The new third -party non -compliance report of Securityscorecard analyzed 1,000 infractions in different industries and regions, and concluded that more than a third (35.5%) of all infractions in 2024 were related to third parties.
To make things worse, this figure is “probably conservative,” said the company, due to the sub -registration and the erroneous classification.
Retail and hospitality
The report also establishes that there has been a significant diversification of the attack surfaces in 2025, compared to the previous year, since less than half (46.75%) of third -party infractions involved technological products and services (compared to 75% of the previous year).

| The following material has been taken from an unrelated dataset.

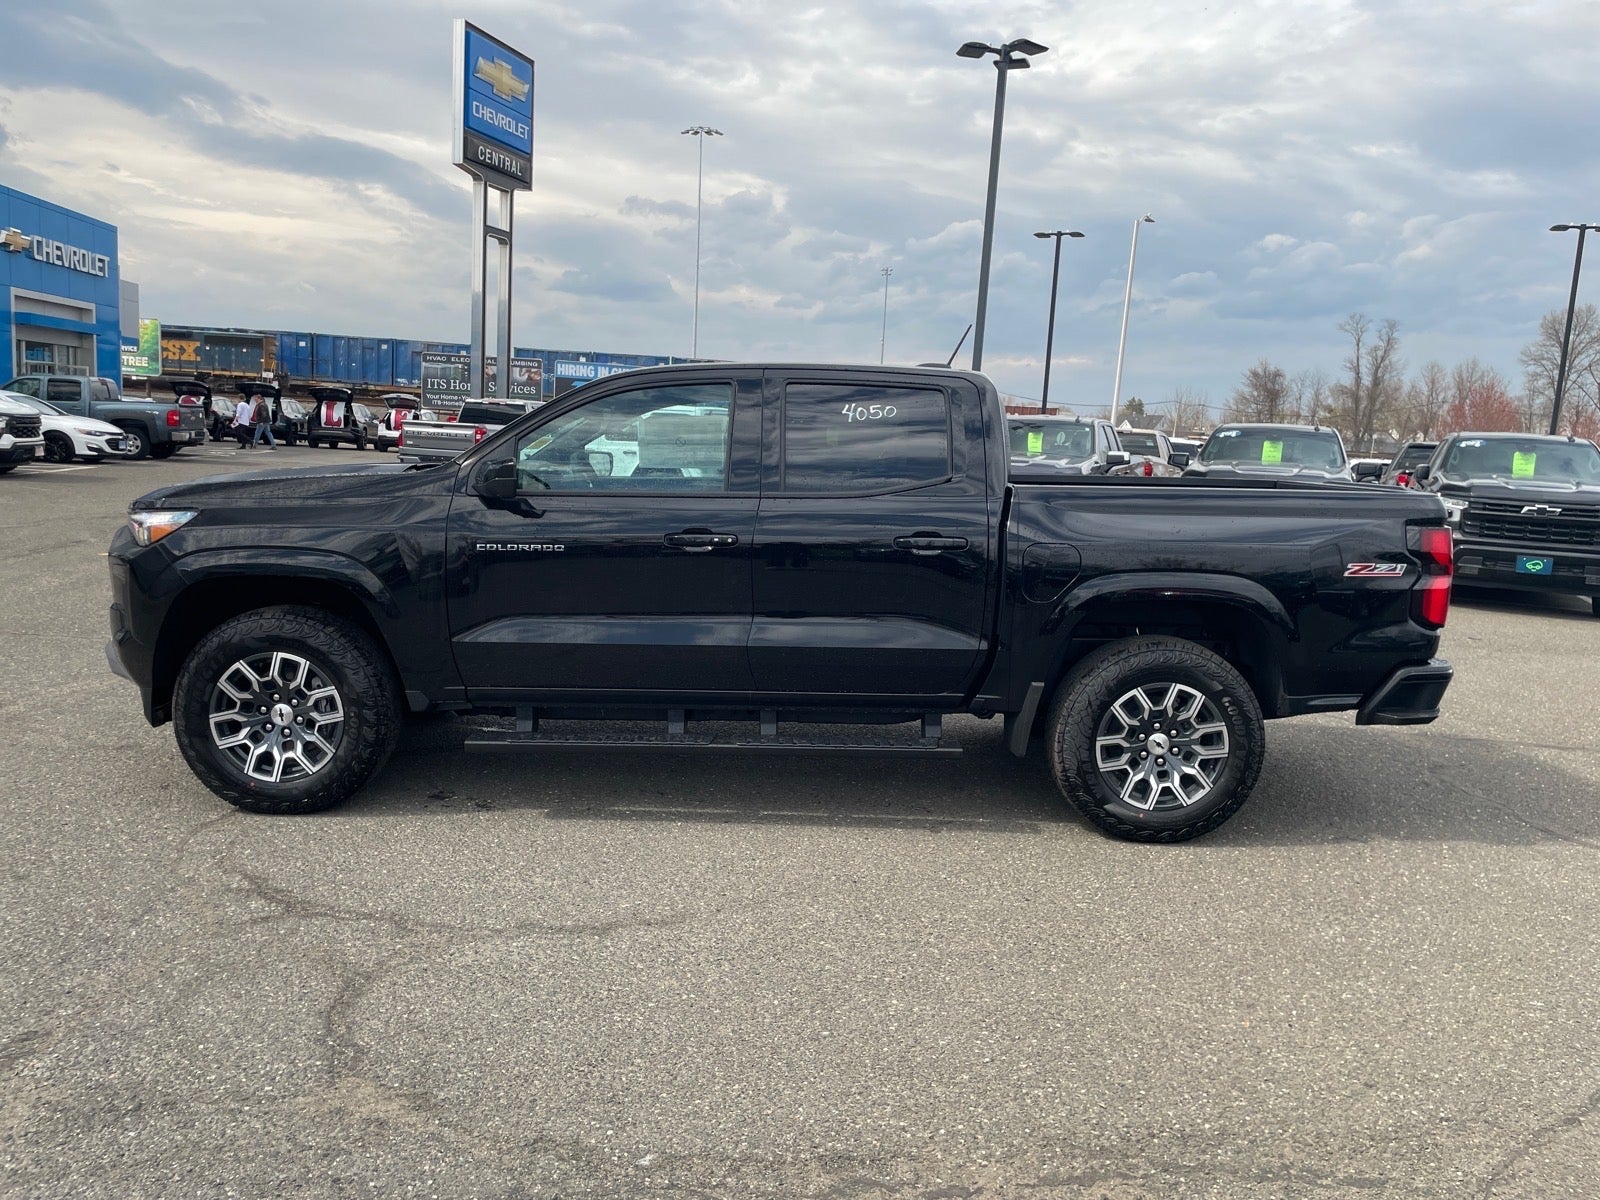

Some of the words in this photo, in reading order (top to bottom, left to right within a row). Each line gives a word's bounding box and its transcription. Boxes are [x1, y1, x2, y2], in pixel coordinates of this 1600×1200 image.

When observing specific industries, Securityscorecard discovered that retail trade and hospitality have suffered the highest third -party breach rate (52.4%), followed by the technology industry (47.3%) and the energy industry and public services (46.7%).
Although it had a rate of 32.2%below the average, the health industry suffered the most third -party infractions in absolute numbers (78).
Geographically, Singapore was worse (71.4%), followed by the Netherlands (70.4%) and Japan (60%).
Securityscorecard also warned about the dangers of ransomware through the risk of third parties. More than two out of five (41.4%) of all ransomware attacks now begin through third parties, with the infamous CL0P group leading the load.
“The threat actors are prioritizing the access of third parties for their scalability. Our research shows ransomware groups and attackers sponsored by the State increasing that they will be climbed throughout its supply chain of the supply chain.